◆ Task requirements: Make an exact copy of the records, with the images left out.

◆ Raw data:

((

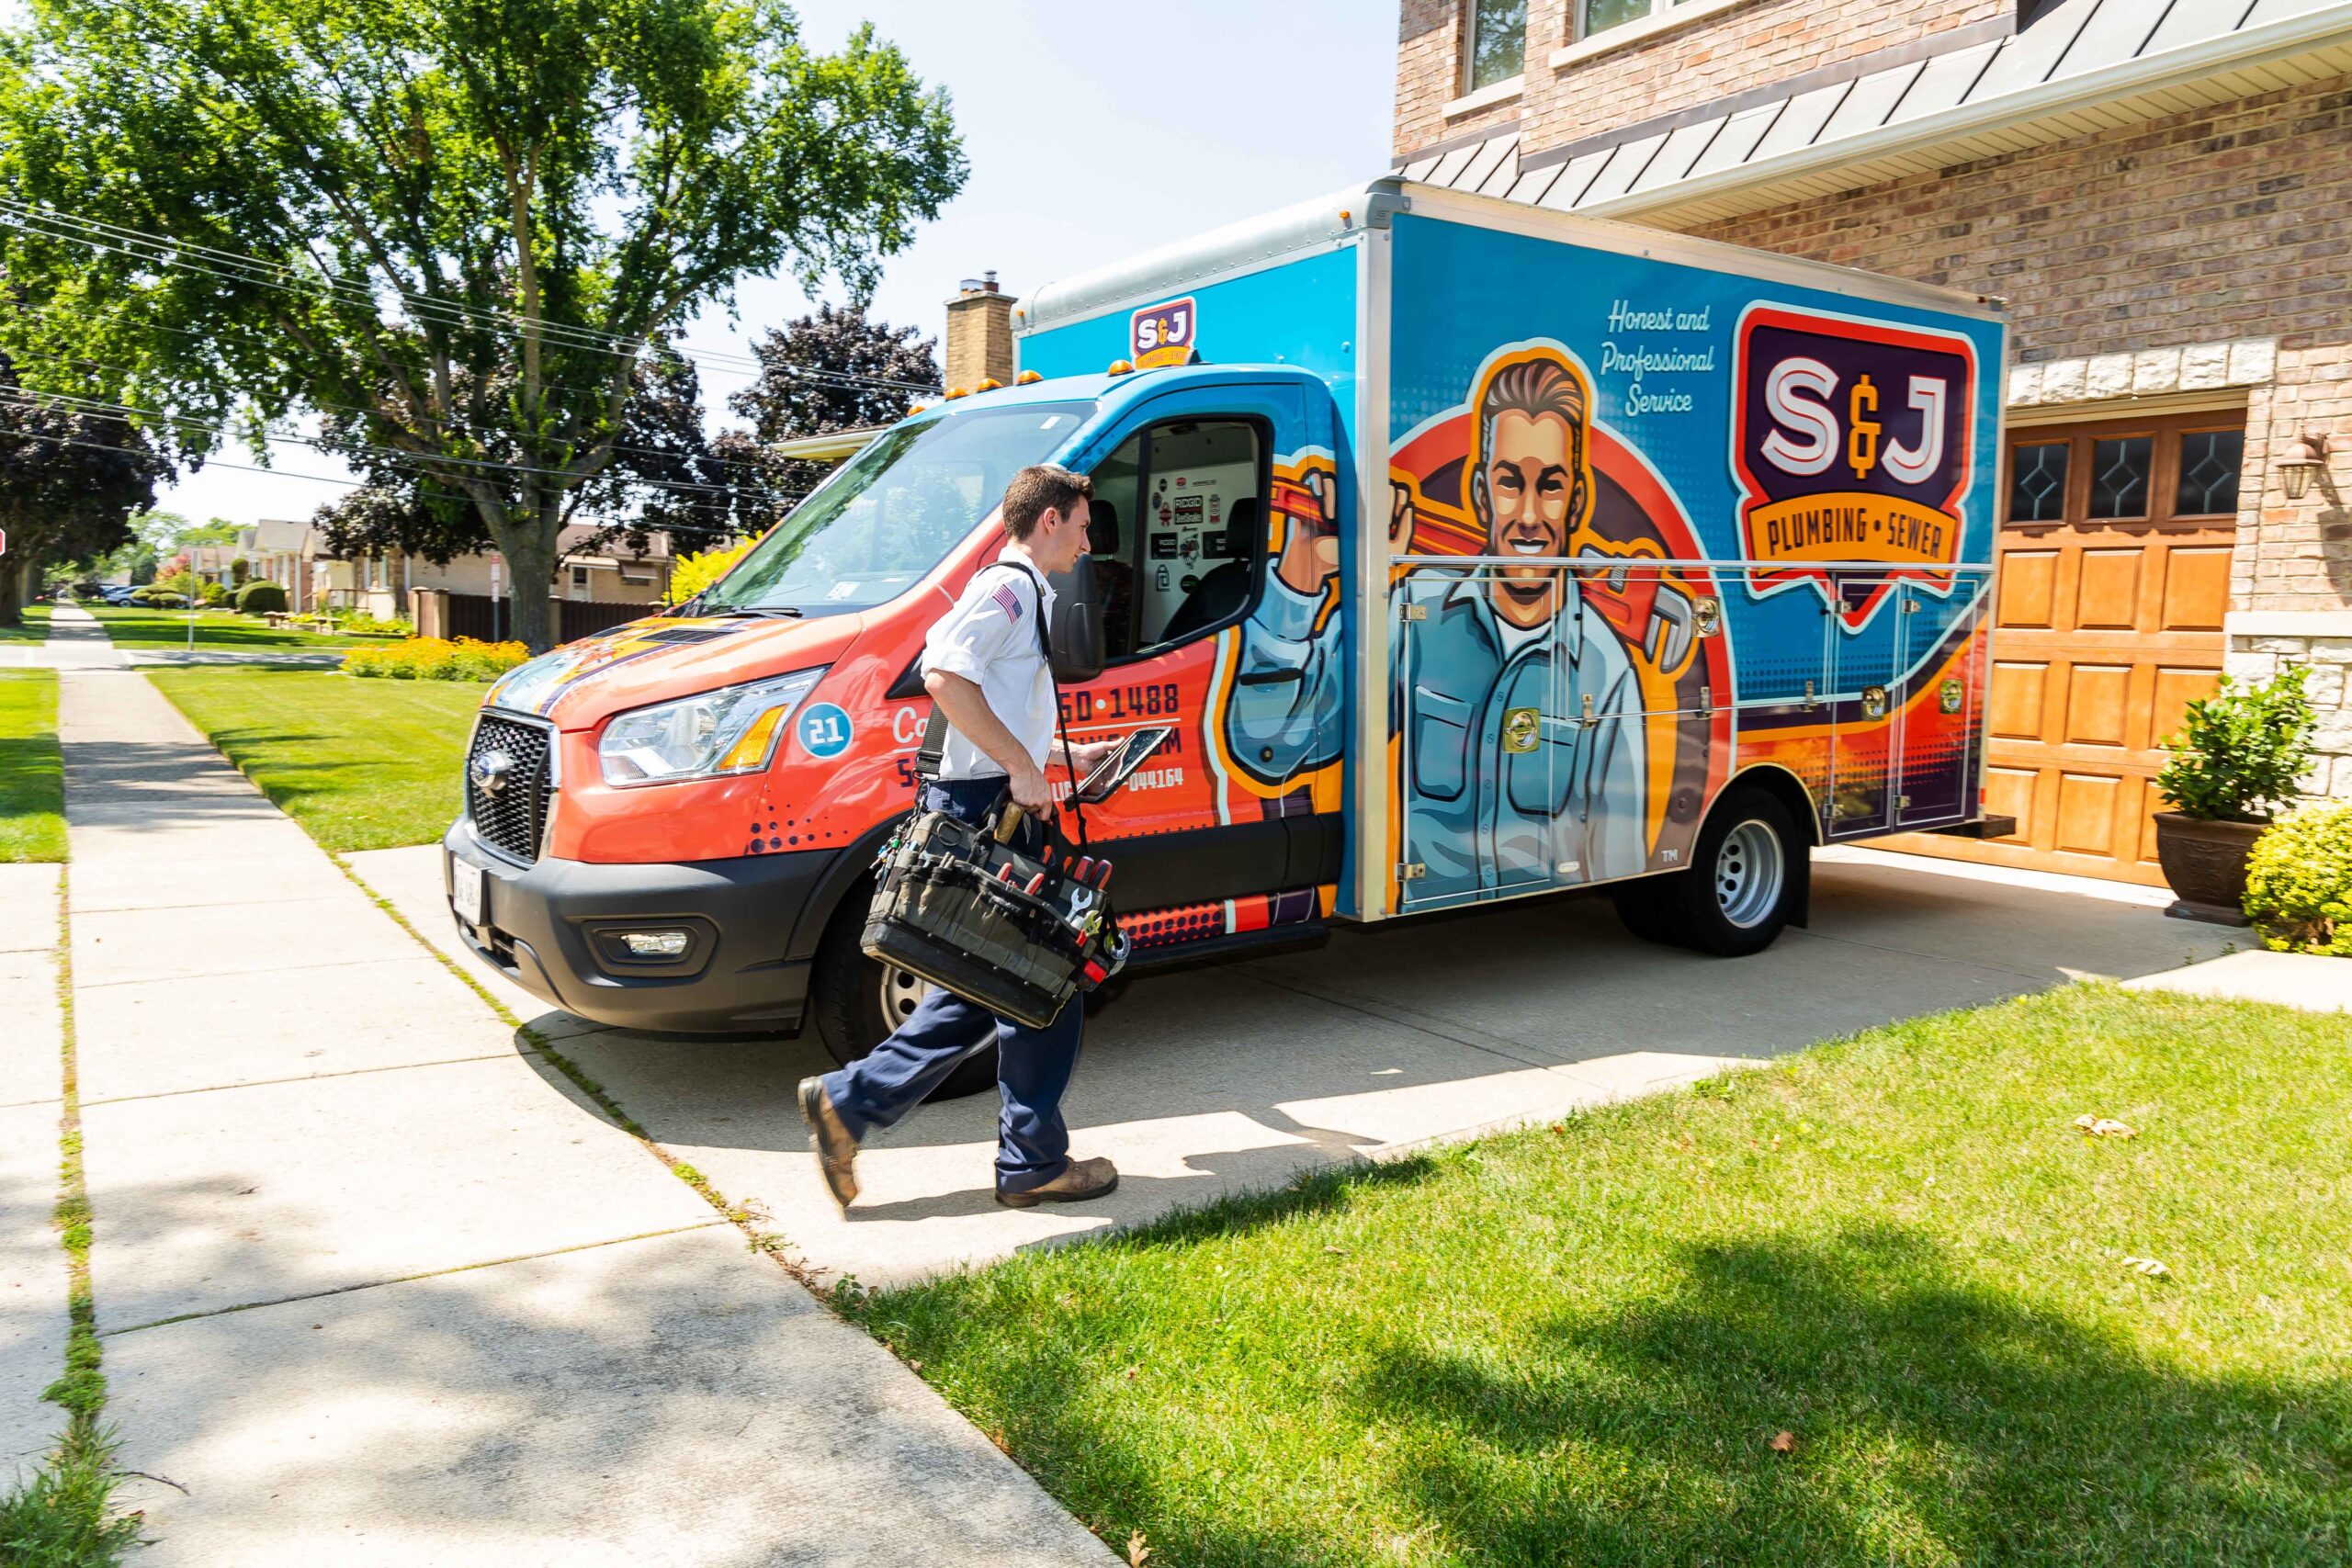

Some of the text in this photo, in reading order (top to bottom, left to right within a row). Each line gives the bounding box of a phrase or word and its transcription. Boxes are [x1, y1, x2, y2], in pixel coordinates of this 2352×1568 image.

[1136, 310, 1187, 349] S&J
[1608, 299, 1710, 333] Honest and
[1600, 341, 1714, 381] Professional
[1624, 383, 1693, 416] Service
[1760, 356, 1947, 485] S&J
[1767, 507, 1942, 558] PLUMBING SEWER
[808, 716, 843, 745] 21
[1661, 849, 1679, 862] TM

))

◆ Answer box:
Some of the text in this photo, in reading order (top to bottom, left to right within a row). Each line gives the bounding box of a phrase or word and its transcription. Boxes are [x1, y1, x2, y2], in pixel coordinates of this 2352×1568 image.

[1136, 310, 1187, 349] S&J
[1608, 299, 1710, 333] Honest and
[1600, 341, 1714, 381] Professional
[1624, 383, 1693, 416] Service
[1760, 356, 1947, 485] S&J
[1767, 507, 1942, 558] PLUMBING SEWER
[808, 716, 843, 745] 21
[1661, 849, 1679, 862] TM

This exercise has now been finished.